Measures of effectiveness should be compared not only to other treatments but also over time. As the Court of Appeals for the Fifth Circuit stated, "it is the nature of medical research that what may one day be experimental may the next be state of the art treatment." Holder v. Prudential Ins. Co. of America, 951 F.2d 89, 91 (5th Cir.1992). Indeed, Heasley's experts testified that, as the University of Pittsburgh developed more experience with transplants for neuroendocrine tumors, success rates improved. App. 594 (Dr.
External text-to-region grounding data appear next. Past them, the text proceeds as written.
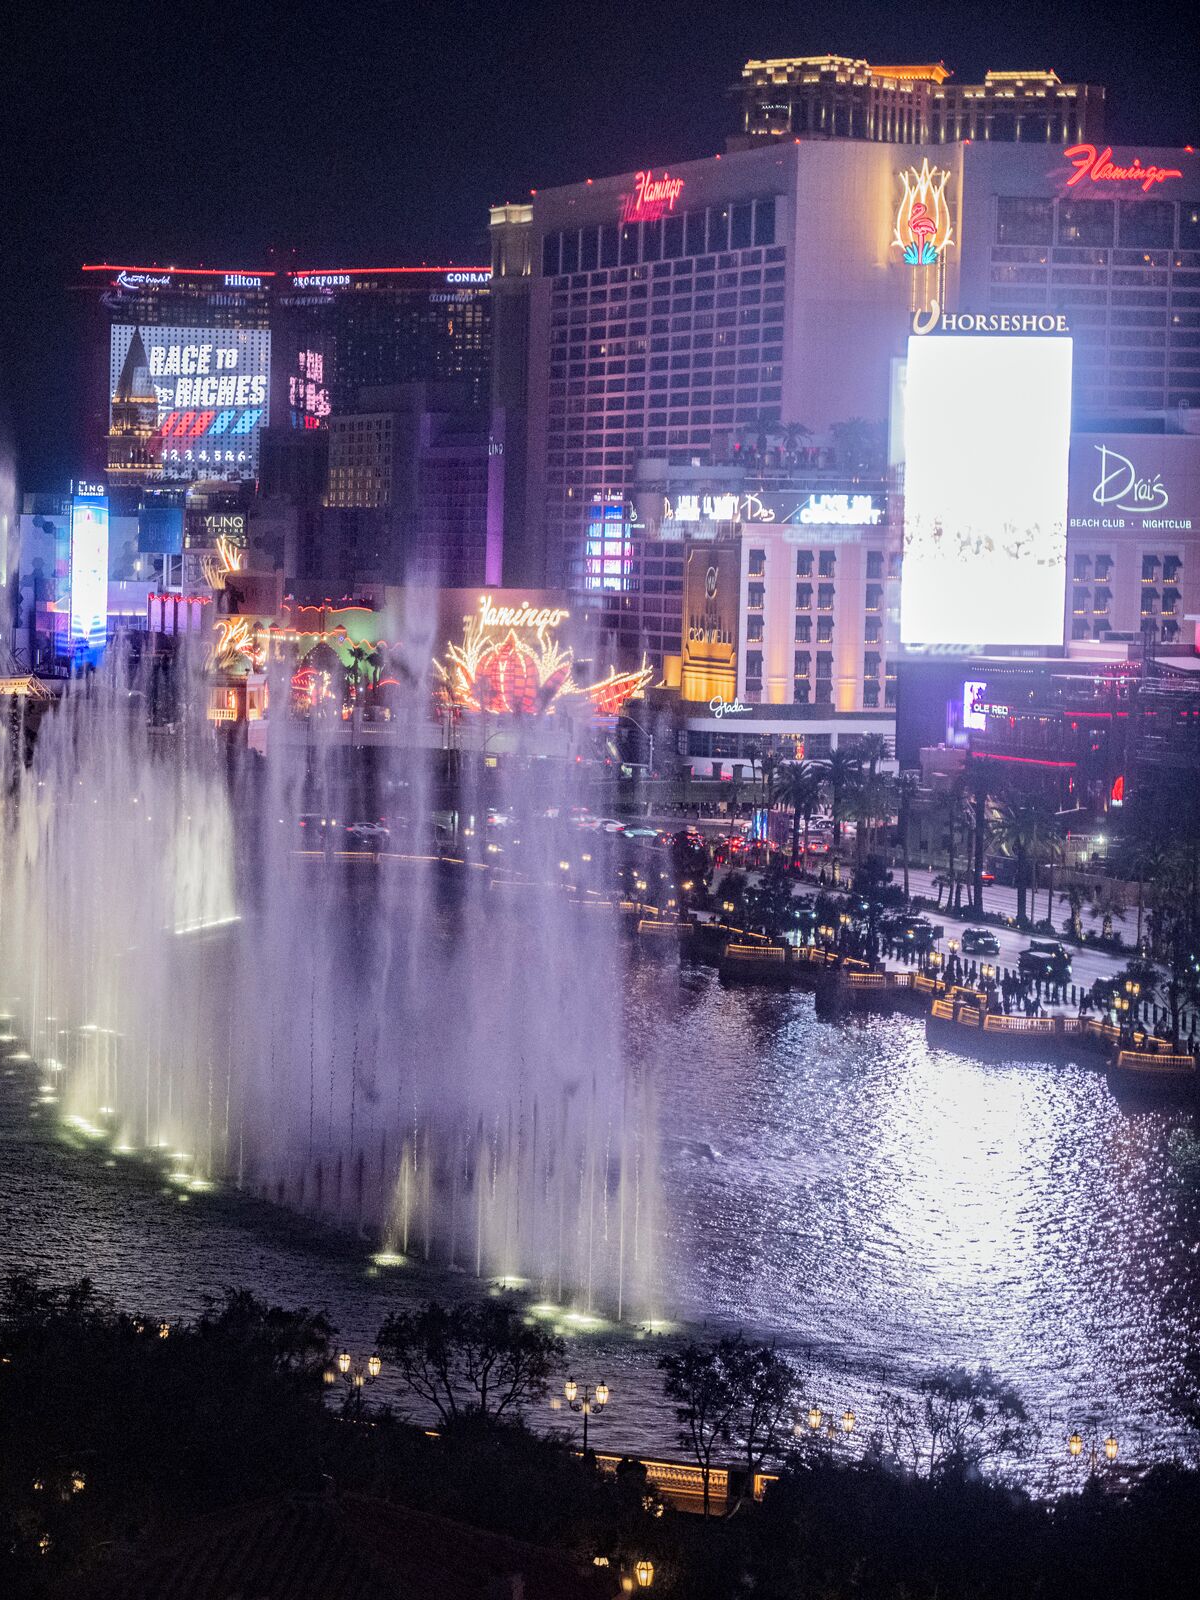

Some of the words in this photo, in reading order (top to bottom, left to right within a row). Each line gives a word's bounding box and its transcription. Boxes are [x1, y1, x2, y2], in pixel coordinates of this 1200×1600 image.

[1064, 144, 1182, 192] Flamingo
[635, 170, 685, 211] Flamingo
[224, 275, 261, 286] Hilton
[150, 344, 213, 376] RACE
[216, 349, 238, 369] TO
[175, 375, 267, 407] RICHES
[1070, 519, 1099, 528] BEACH
[1102, 519, 1125, 528] CLUB
[1142, 520, 1192, 529] NIGHTCLUB
[709, 696, 753, 718] Giada
[973, 703, 989, 712] OLE
[992, 705, 1008, 715] RED
Carr).18


In certain cases, there will be differences in the quality of the evidence regarding a procedure's effectiveness. Belden & Blake emphasizes no randomized double-blind studies have been done with respect to liver transplants for neuroendocrine tumors. Such studies track two groups of patients with the same condition, with only one group being given the disputed treatment and the other serving as the "control" group. App. 450 (Dr. Marks). Pirozzi, 741 F.Supp. at 591. Belden & Blake contrasts these studies with the medical journal articles offered by Heasley in the district court, which contain only anecdotal information regarding transplants for neuroendocrine tumors.
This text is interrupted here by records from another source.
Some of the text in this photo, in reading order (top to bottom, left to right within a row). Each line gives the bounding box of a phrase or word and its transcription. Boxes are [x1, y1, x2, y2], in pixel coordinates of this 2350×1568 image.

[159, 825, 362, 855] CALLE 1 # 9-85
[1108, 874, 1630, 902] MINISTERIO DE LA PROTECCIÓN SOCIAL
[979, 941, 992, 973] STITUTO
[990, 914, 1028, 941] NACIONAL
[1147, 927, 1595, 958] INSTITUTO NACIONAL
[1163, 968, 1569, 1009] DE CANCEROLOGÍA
In evaluating this critique, we note initially, as at least one other court has observed, that "nothing in the plan requires that a treatment be the subject of completed [double-blind] studies to escape the experimental treatment exclusion." Pirozzi, 741 F.Supp. at 591. More importantly, such studies represent only one, albeit a generally reliable, means for comparing two treatments. The significance of their absence therefore depends on the availability and quality of other comparative data, some of which is contained in the record.19 Often, peer-reviewed medical journal articles, or, in certain cases, expert testimony, will provide helpful sources of this data as well.


Part of the comparative analysis involves the attractiveness of the various treatment alternatives for the particular patient. Thus, in concluding an autologous bone marrow transplant with high-dose chemotherapy was not experimental for a patient with multiple myeloma, one court noted "it was simply the only appropriate treatment available to treat plaintiff's condition" in light of expert testimony that the plaintiff would receive no more benefit from standard chemotherapy. Dozsa v. Crum & Forster Insurance Co., 716 F.Supp. 131, 138. Indeed, one reason Heasley's doctors recommended a transplant was their belief he was no longer responding to chemotherapy. Also, there was testimony that the patients with neuroendocrine tumors who were transplanted at the University of Pittsburgh had no realistic survival options other than the transplant given the extent of their metastasization. App. 708 (Dr. Shaw). Additionally, Heasley's experts testified that transplants are recommended only for the patients with the worst tumors, and many patients with the most advanced tumors come to the University of Pittsburgh, a leading liver transplant center. App. 708 (Dr. Shaw); App. 592-93 (Dr. Carr). If true, these facts would tend to make statistics regarding effectiveness less favorable, and, to the extent they suggest no other treatment option is viable, would help place in perspective data regarding the effectiveness of the transplant.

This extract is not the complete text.